*** INFORMATION GIVEN Section Begins ***
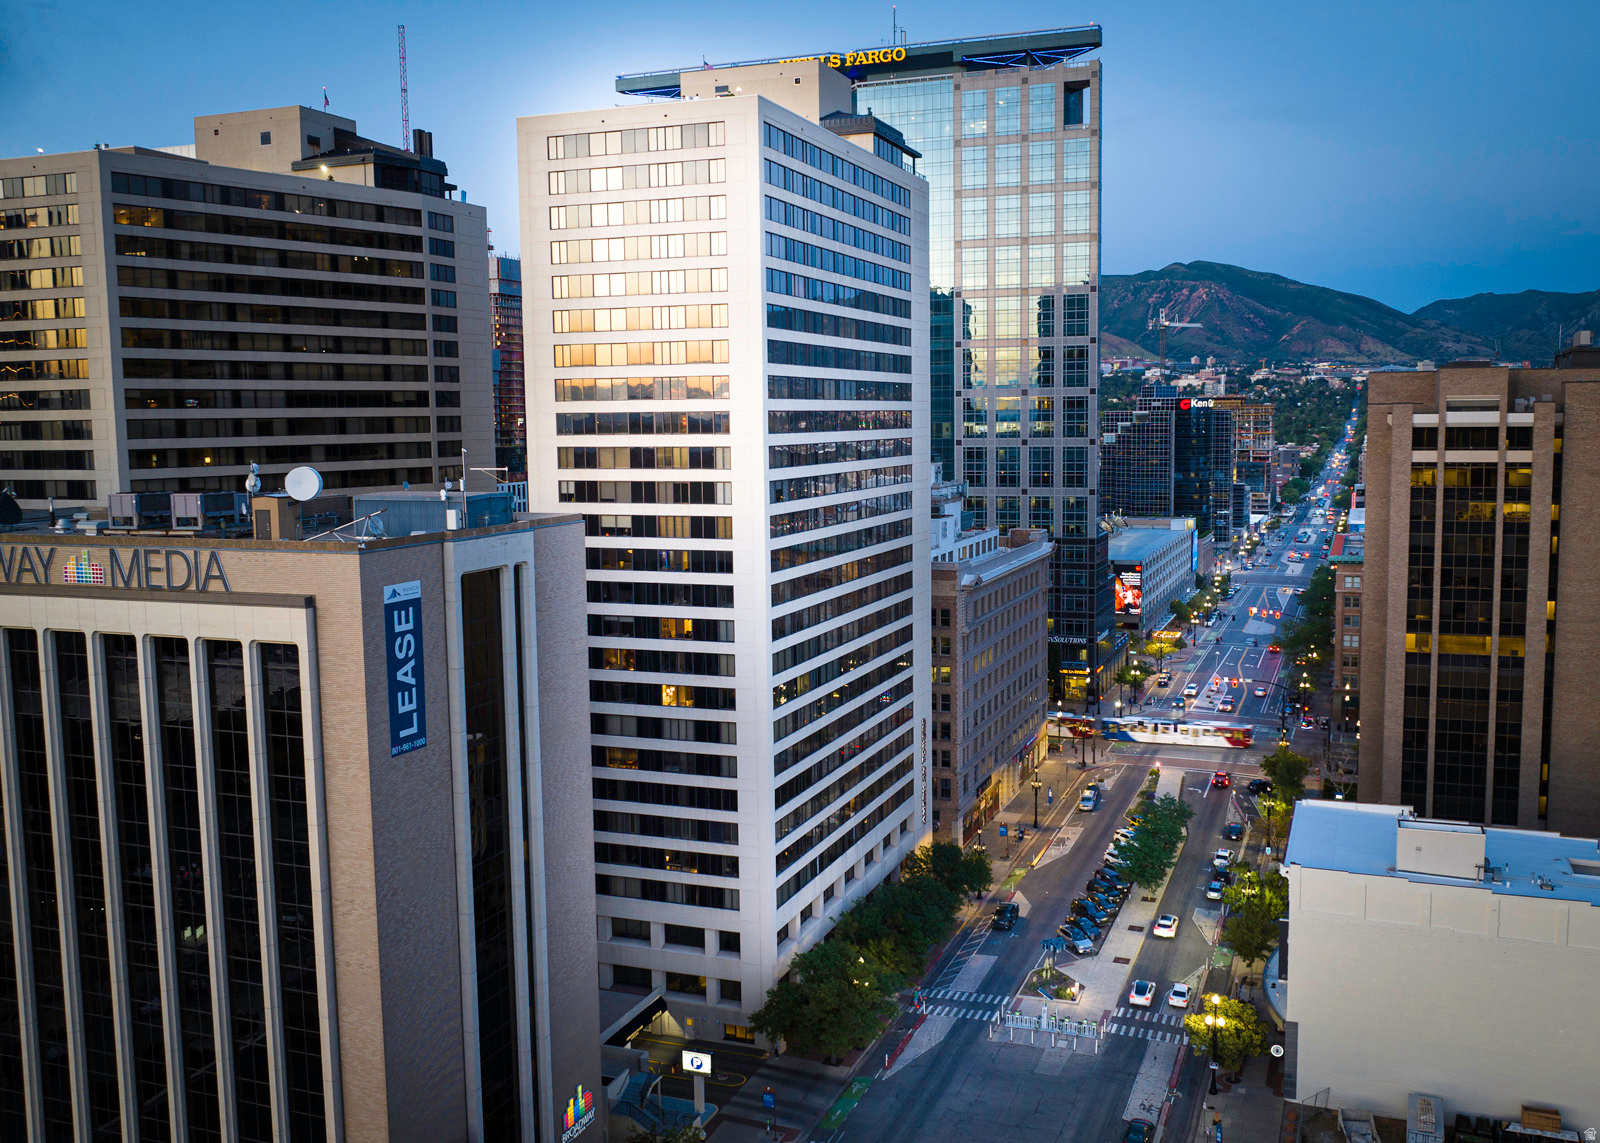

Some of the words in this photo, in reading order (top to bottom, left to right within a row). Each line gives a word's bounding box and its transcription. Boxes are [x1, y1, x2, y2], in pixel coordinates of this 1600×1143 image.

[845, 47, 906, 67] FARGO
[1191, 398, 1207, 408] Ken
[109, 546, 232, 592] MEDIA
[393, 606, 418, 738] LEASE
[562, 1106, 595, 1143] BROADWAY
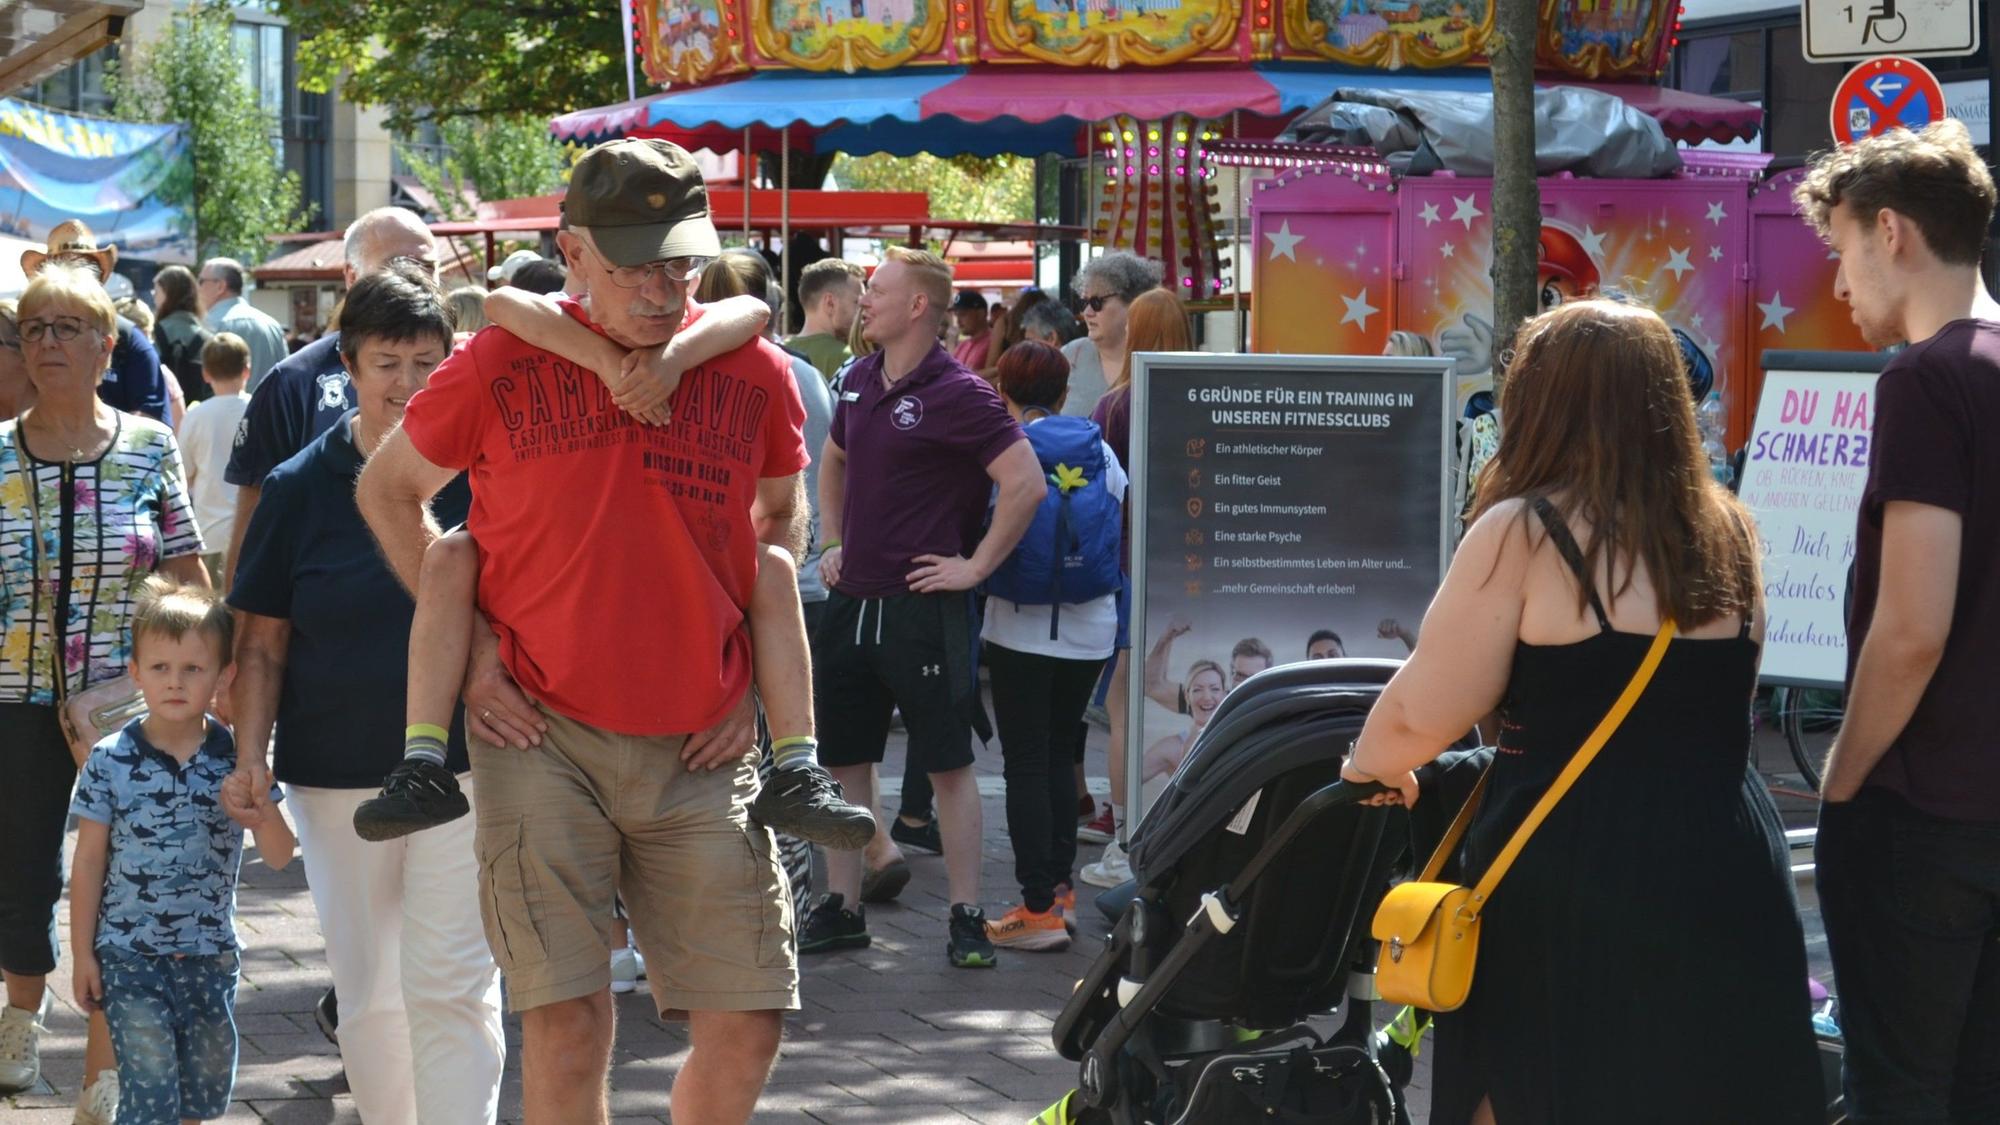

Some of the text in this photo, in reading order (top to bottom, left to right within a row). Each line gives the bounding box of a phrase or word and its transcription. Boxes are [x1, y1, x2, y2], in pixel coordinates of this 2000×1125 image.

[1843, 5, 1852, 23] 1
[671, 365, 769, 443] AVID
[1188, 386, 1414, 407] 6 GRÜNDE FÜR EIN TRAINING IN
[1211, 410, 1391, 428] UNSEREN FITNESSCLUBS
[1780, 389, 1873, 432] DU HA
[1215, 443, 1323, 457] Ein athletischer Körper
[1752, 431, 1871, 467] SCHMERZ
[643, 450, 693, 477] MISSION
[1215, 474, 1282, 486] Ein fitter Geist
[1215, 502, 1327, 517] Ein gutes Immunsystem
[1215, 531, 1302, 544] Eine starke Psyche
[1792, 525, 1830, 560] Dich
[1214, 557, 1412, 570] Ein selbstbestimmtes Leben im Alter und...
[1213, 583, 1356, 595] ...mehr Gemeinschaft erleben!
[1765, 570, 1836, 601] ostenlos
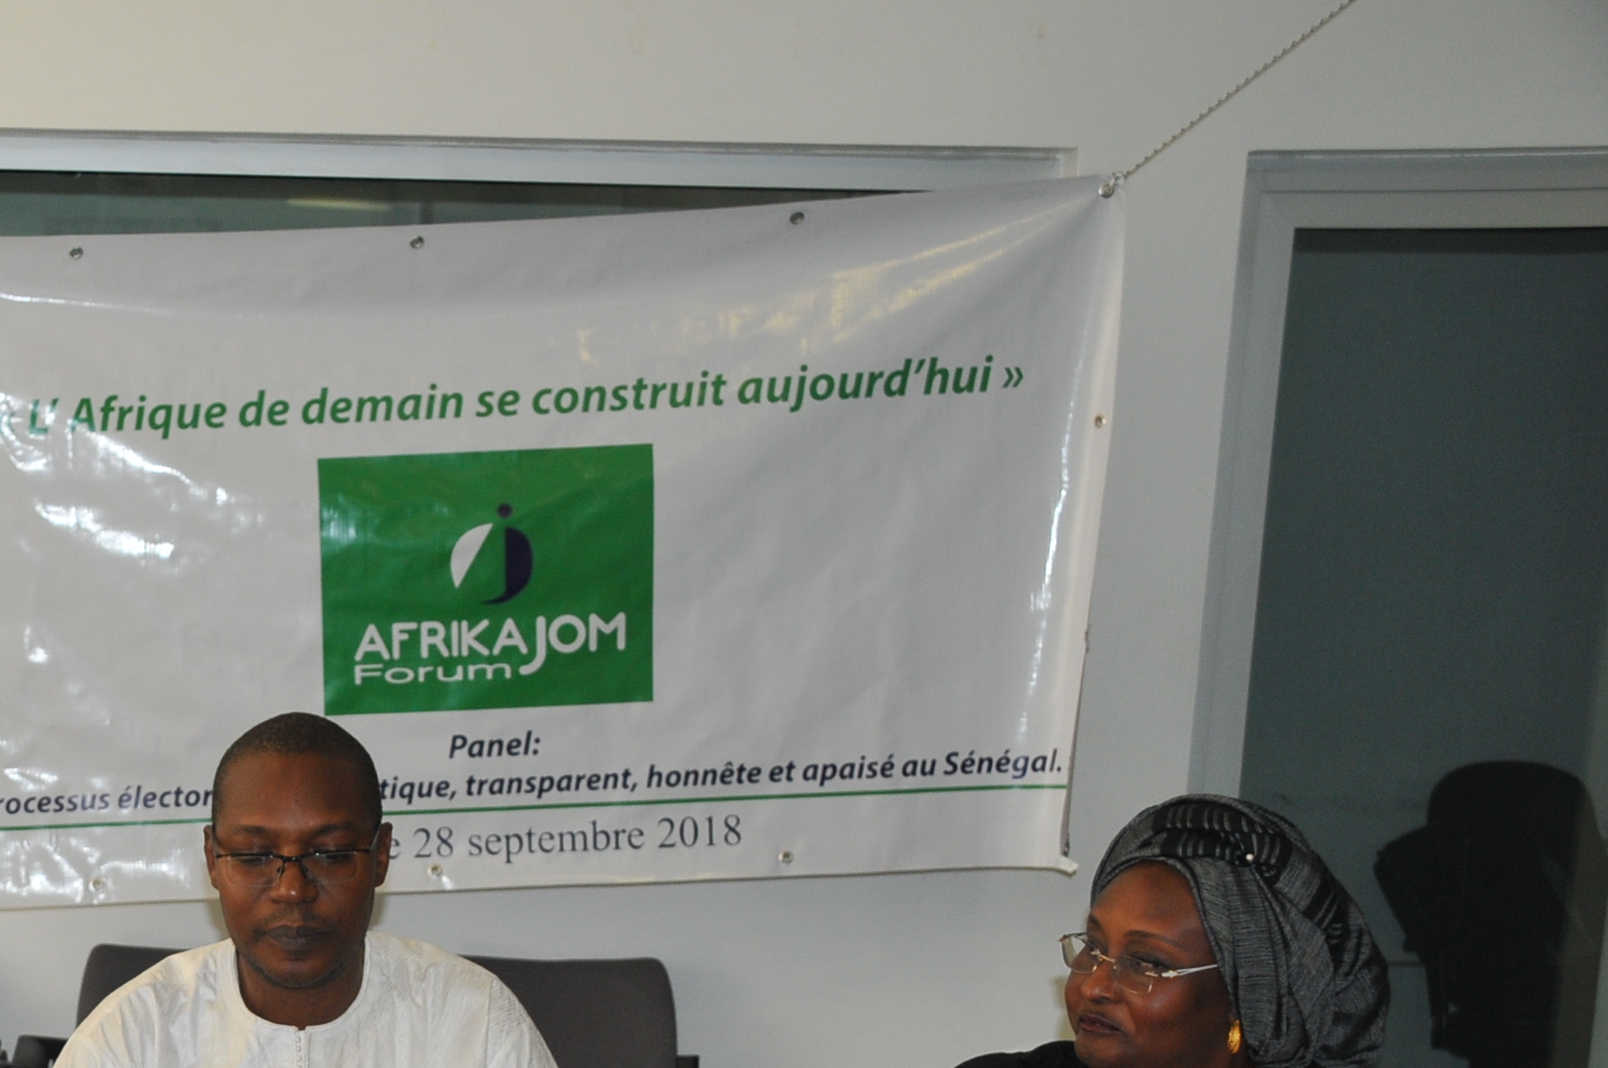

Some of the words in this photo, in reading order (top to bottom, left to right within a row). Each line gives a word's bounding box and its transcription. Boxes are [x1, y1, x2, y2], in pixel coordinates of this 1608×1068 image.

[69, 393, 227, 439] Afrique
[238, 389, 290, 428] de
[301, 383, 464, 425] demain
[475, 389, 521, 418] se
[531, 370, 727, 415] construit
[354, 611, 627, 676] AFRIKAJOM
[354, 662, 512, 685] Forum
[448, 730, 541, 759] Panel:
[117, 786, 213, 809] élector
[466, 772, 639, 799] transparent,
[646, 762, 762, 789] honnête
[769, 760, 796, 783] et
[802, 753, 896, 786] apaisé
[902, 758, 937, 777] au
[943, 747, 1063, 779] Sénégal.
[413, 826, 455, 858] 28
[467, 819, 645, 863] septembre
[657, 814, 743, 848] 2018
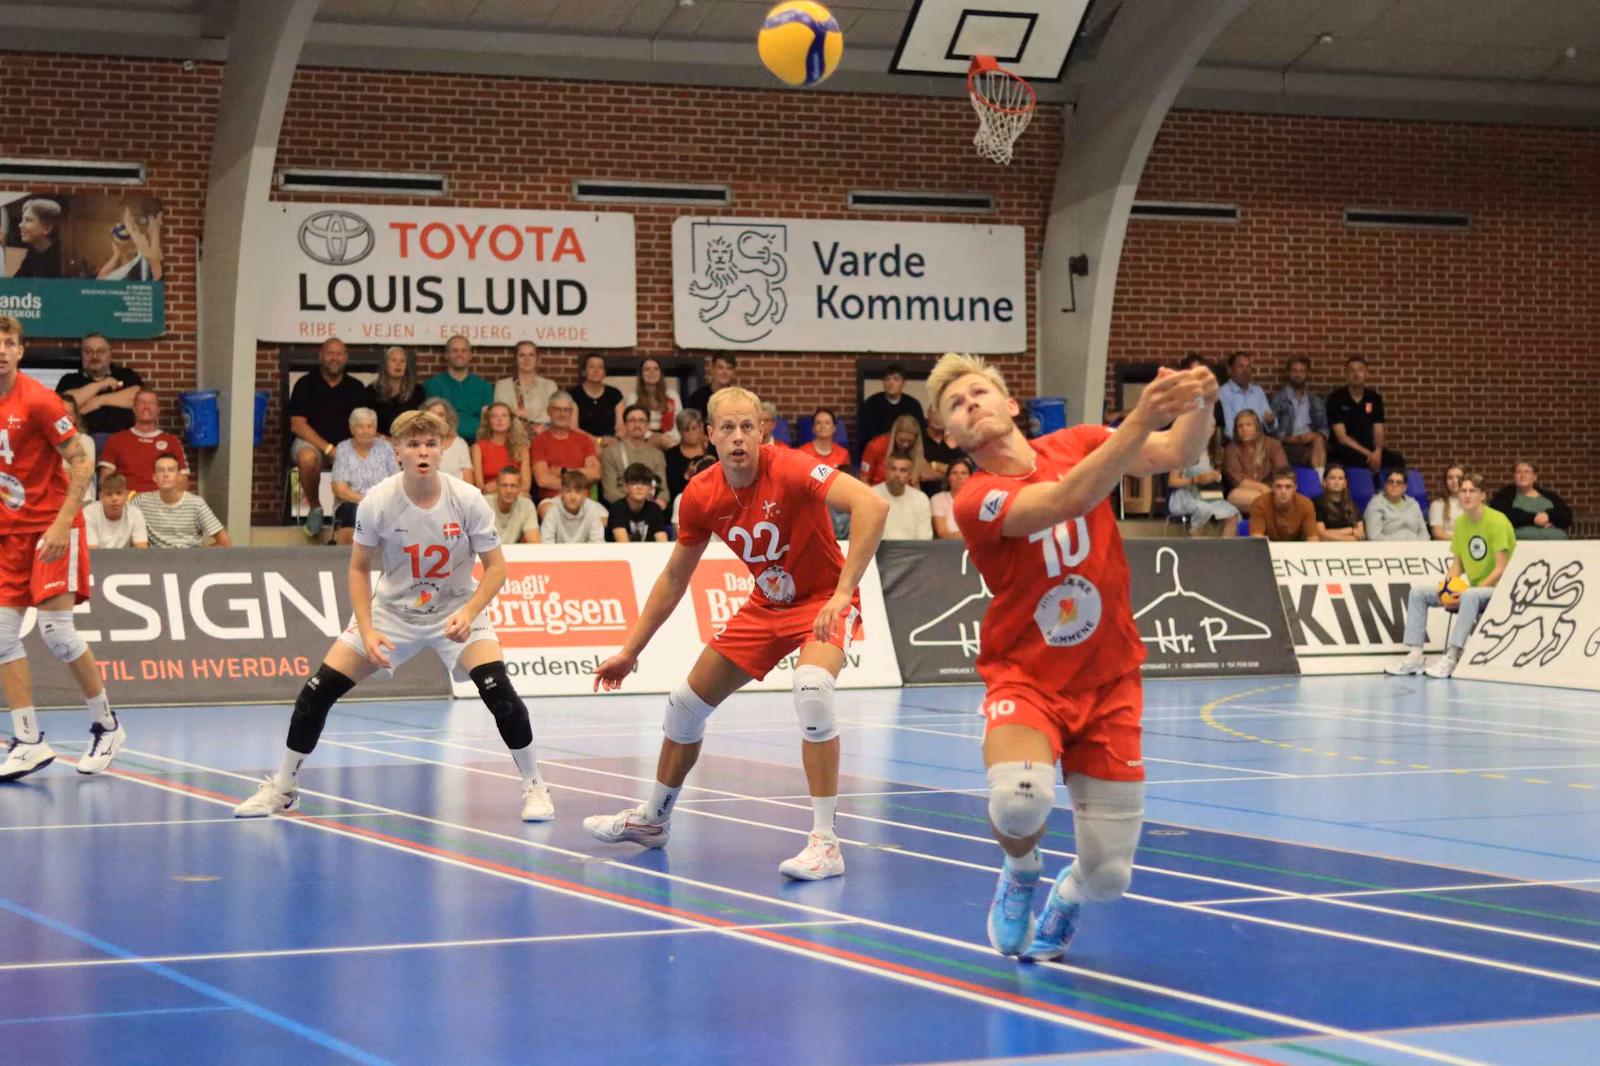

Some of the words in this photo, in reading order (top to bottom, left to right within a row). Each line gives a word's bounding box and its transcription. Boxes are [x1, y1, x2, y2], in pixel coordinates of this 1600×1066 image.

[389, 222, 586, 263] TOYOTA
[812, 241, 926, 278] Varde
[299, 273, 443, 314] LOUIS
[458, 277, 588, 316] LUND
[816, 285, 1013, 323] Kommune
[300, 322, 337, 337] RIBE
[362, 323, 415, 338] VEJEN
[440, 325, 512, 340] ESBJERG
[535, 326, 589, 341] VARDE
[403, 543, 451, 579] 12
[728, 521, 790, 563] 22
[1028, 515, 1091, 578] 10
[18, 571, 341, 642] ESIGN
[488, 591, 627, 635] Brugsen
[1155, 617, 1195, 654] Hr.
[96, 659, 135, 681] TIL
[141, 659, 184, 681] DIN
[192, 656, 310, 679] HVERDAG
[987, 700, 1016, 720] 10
*** INFORMATION GIVEN Section Ends ***
ASSIGNMENT: The result should consist solely of the lines from the one that contains "this 1600×1066 image." to the last line of the records above, reproduced exactly.

WRITTEN SOLUTION:
Some of the words in this photo, in reading order (top to bottom, left to right within a row). Each line gives a word's bounding box and its transcription. Boxes are [x1, y1, x2, y2], in pixel coordinates of this 1600×1066 image.

[389, 222, 586, 263] TOYOTA
[812, 241, 926, 278] Varde
[299, 273, 443, 314] LOUIS
[458, 277, 588, 316] LUND
[816, 285, 1013, 323] Kommune
[300, 322, 337, 337] RIBE
[362, 323, 415, 338] VEJEN
[440, 325, 512, 340] ESBJERG
[535, 326, 589, 341] VARDE
[403, 543, 451, 579] 12
[728, 521, 790, 563] 22
[1028, 515, 1091, 578] 10
[18, 571, 341, 642] ESIGN
[488, 591, 627, 635] Brugsen
[1155, 617, 1195, 654] Hr.
[96, 659, 135, 681] TIL
[141, 659, 184, 681] DIN
[192, 656, 310, 679] HVERDAG
[987, 700, 1016, 720] 10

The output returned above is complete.